Following complaints from NYC public school teachers about uncomfortably chilly temperatures in some classrooms, the city Department of Education has put forth a plan intended to keep classrooms warm even when windows must remain open to slow the spread of COVID-19. The plan will include air purifiers, space heaters, and filters to ensure proper airflow, in addition to keeping windows open in rooms with poor ventilation.

The approach will vary depending on the needs of each school, according to a three-page memo drafted by the DOE and obtained by Gothamist. The plan states that 13,700 more MERV-13 filters will be ordered and installed in school HVAC systems to help keep the virus out of the air in classrooms. These filters -- adding to an already existing supply -- are ordered in accordance with guidelines set forth by the Centers for Disease Control and Prevention, which recommends high-quality filters to combat COVID-19.

The remaining HVAC filters are scheduled to arrive between mid-November and mid-January, 2021. More filter deliveries will come weekly, which the DOE says "will allow all buildings to have at least one complete filter set installed."

The city is also ordering another 20,000 HEPA-rated air purifier units for schools, adding to the 10,000 it already ordered for the start of in-person learning. Those new air purifiers will be prioritized to classrooms with "limited windows and no mechanical ventilation," inoperable windows, and with no windows at all.

The memo also recommended windows continue to stay open for ventilation, in accordance with CDC guidelines. In warmer climates, the practice of keeping windows open to reduce the risk of COVID's spread year-round would work. But in New York City — the only major city in the country to have offered blended learning — keeping windows open is unsustainable even if the heat is on, according to teachers who have already felt the brunt of this method.

At Seward Park Educational Campus, home to five schools occupying a 92-year-old building on the Lower East Side, English teacher Christopher Ahearn says he and his bundled-up students have had to endure cold temperatures resulting from open windows. Though the most recent weather in NYC has been unseasonably warm, Ahearn says classroom radiators that are positioned under windows are insufficient for typical fall and winter temperatures.

Earlier this month, Ahearn snapped a photo of the classroom's indoor temperature showing 55 degrees. On Monday, when wind gusts contributed to a chilly day, Ahearn's colleagues said one classroom had a temperature reading of 48 degrees.

The World Health Organization generally recommends classrooms maintain a minimum temperature of 67.5 degrees. "We are well below that," Ahearn said.

The temperature inside a classroom at the Seward Park Educational Campus reads 48 degrees.

A teacher in Brooklyn, who asked for anonymity because she wasn't authorized to speak to the press, said she had to wear a heavy coat last Monday inside her classroom. "My kids all came in extra layers because I asked their parents to send them in. Their little hands were so cold. Our colleagues were so cold," the teacher wrote in an email.
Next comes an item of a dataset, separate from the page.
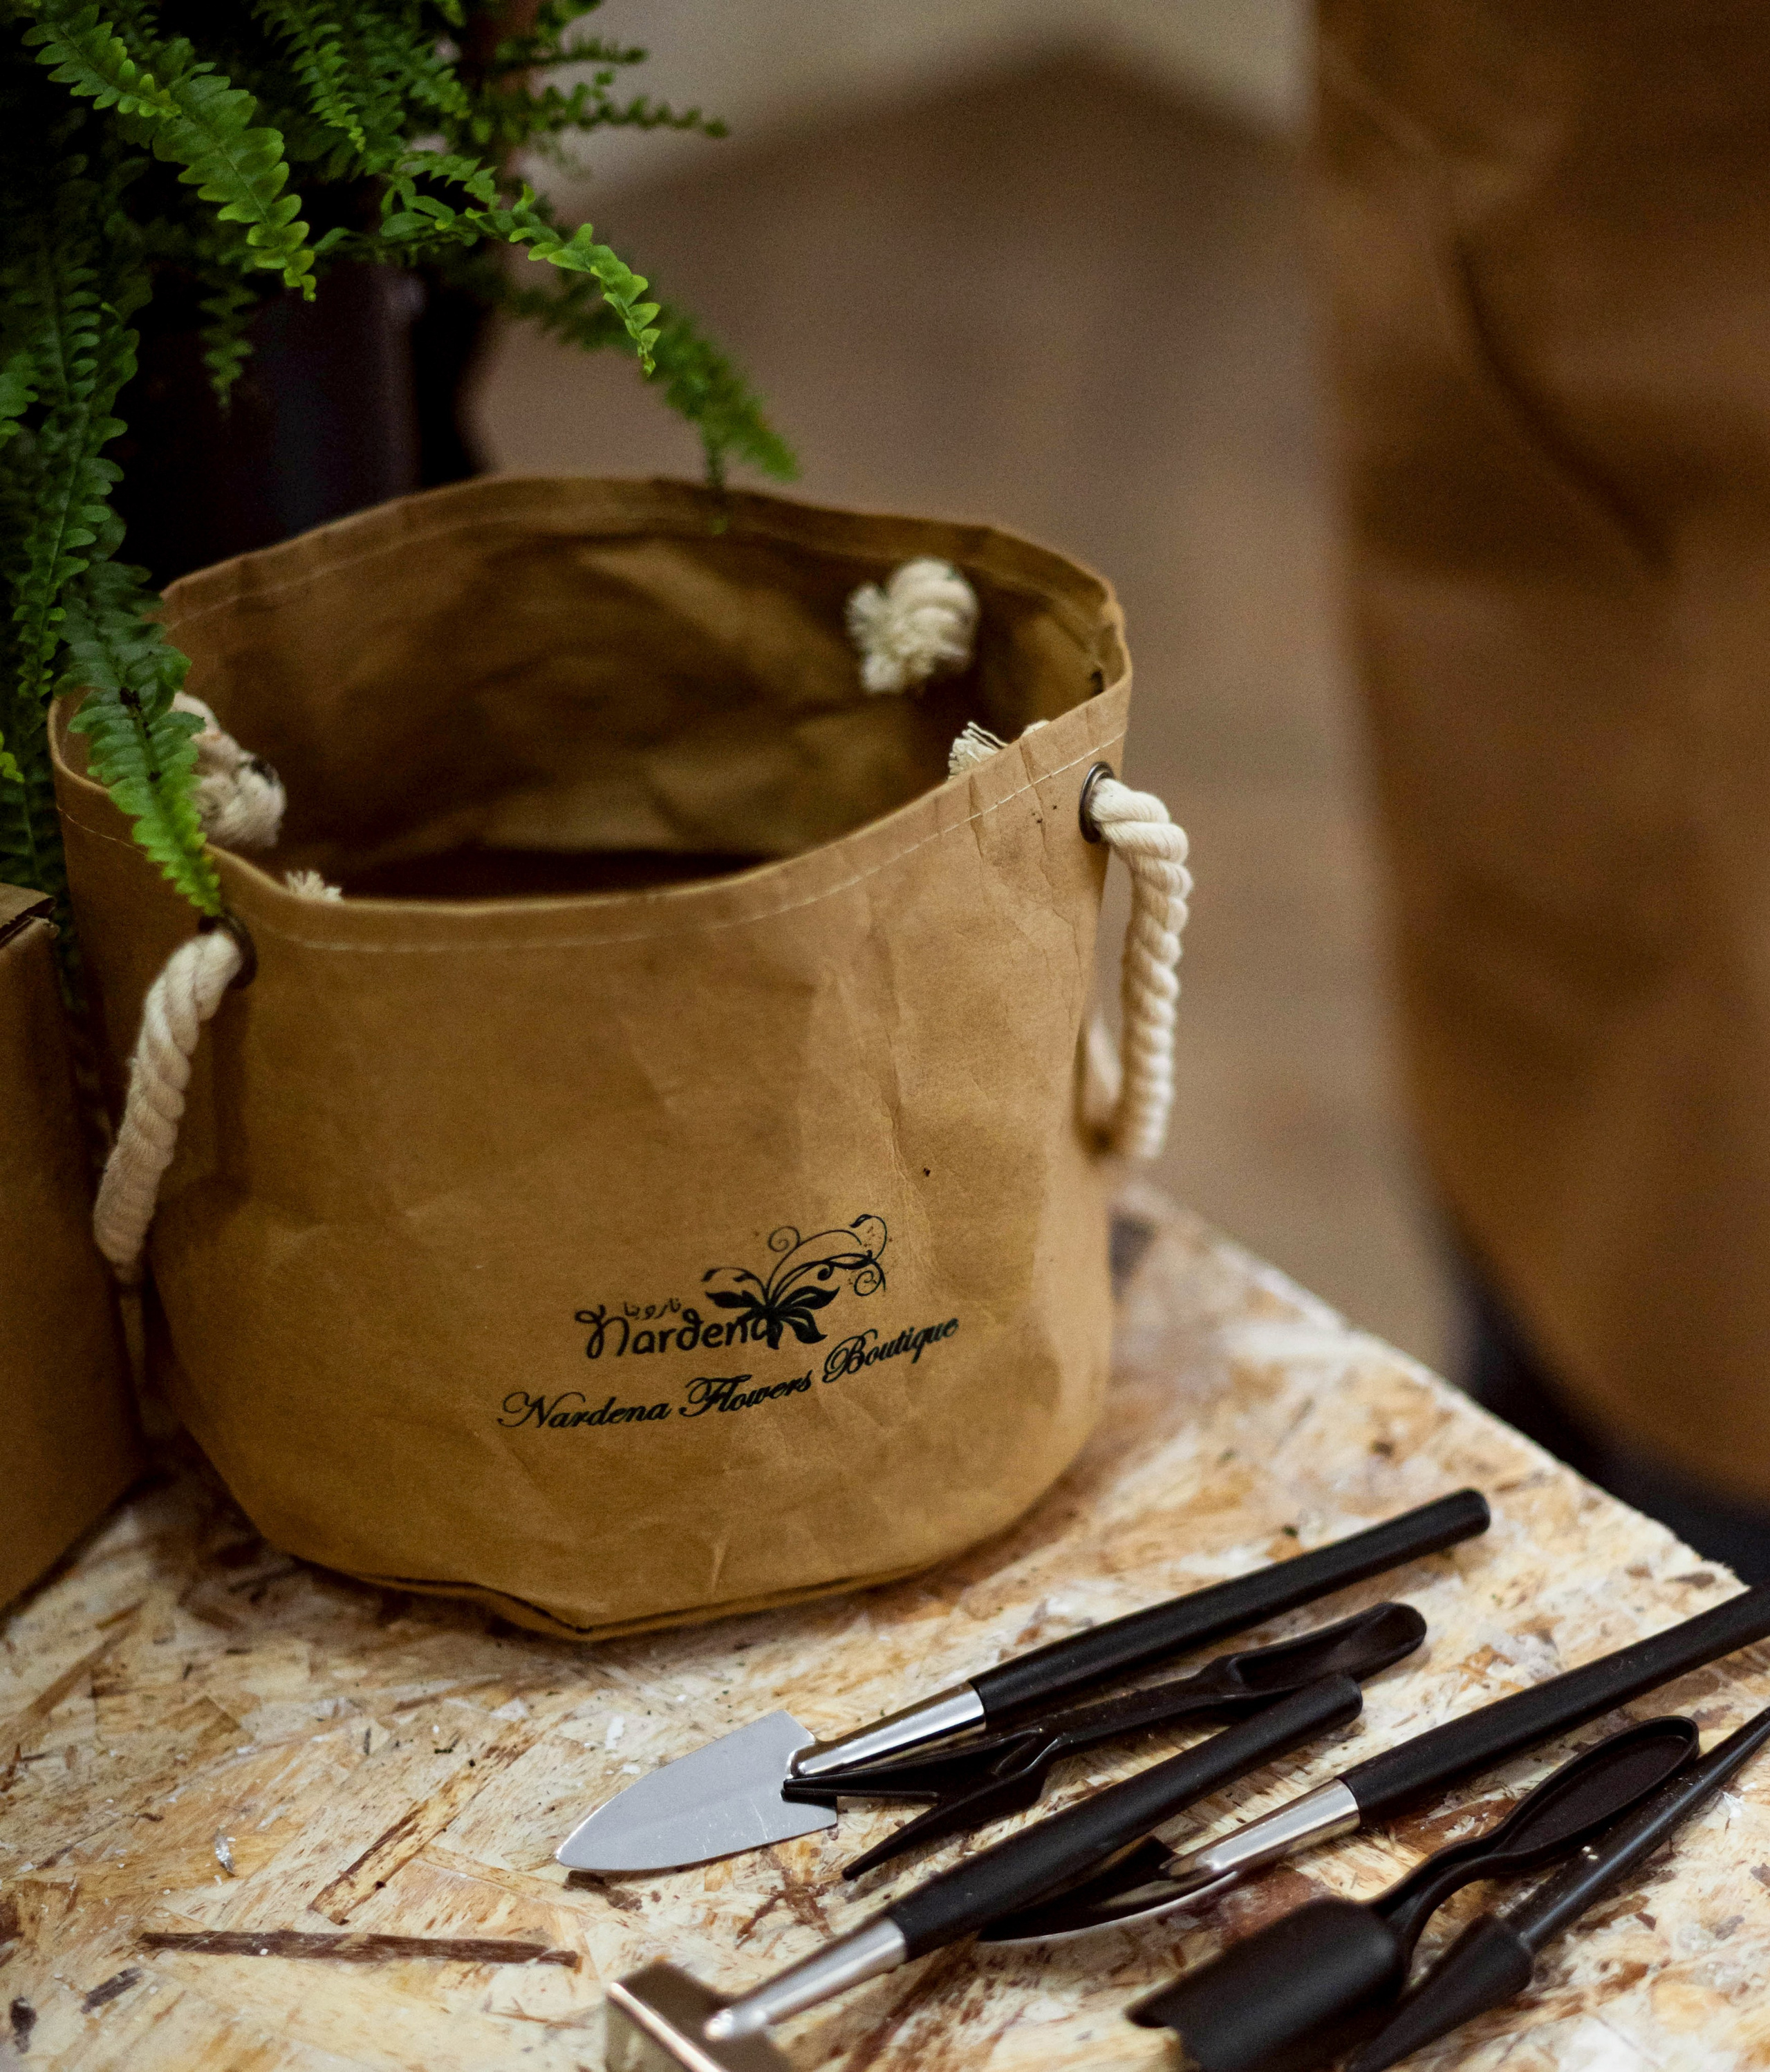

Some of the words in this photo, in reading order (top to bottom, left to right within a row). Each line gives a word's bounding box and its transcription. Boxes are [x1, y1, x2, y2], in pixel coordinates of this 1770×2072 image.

Ahearn and other teachers have expressed concerns to administrators over conditions in the classrooms, but were advised to wear additional layers.

"I think the prevailing wisdom among the staff here at least is that once we get into the depths of November and December [...] something's gonna have to give," Ahearn said. "They'll either have to make all the students go remote from our building, or there will have to be some kind of space heaters or — I don't even know how that would work with fire codes — but it just does not seem like a tenable situation."

The plan does state that an undetermined number of space heaters will be available across the system.

Tayloire Howard, a Brooklyn parent whose child attends P.S. 321, said a mass email sent to parents advised them send their kids' to school equipped with additional layers of clothing.

A message parents of students at P.S. 321 were sent recently.

Before schools reopened, the DOE dispatched School Ventilation Action Teams to assess whether the city's 56,000 classrooms could be safely occupied. Roughly 95% of the classrooms were approved for occupancy following a CDC-recommended tissue test to assess airflow. Classrooms with open windows — but no proper HVAC systems — were still approved for occupancy.

DOE spokesperson Nathaniel Styer said in a statement to Gothamist that a safe, healthy environment is of utmost concern to the city.

“Every student and staff member deserves a comfortable and safe learning environment and we are working with our labor partners to ensure this is true in every classroom," Styer said. "If temperature is a concern, educators should immediately contact their custodial engineer and they will work to raise the classroom temperature. Our multi-layered approach to keeping classrooms safe and healthy requires the combination of social distancing, hand washing, universal mask wearing, testing, and improved ventilation.”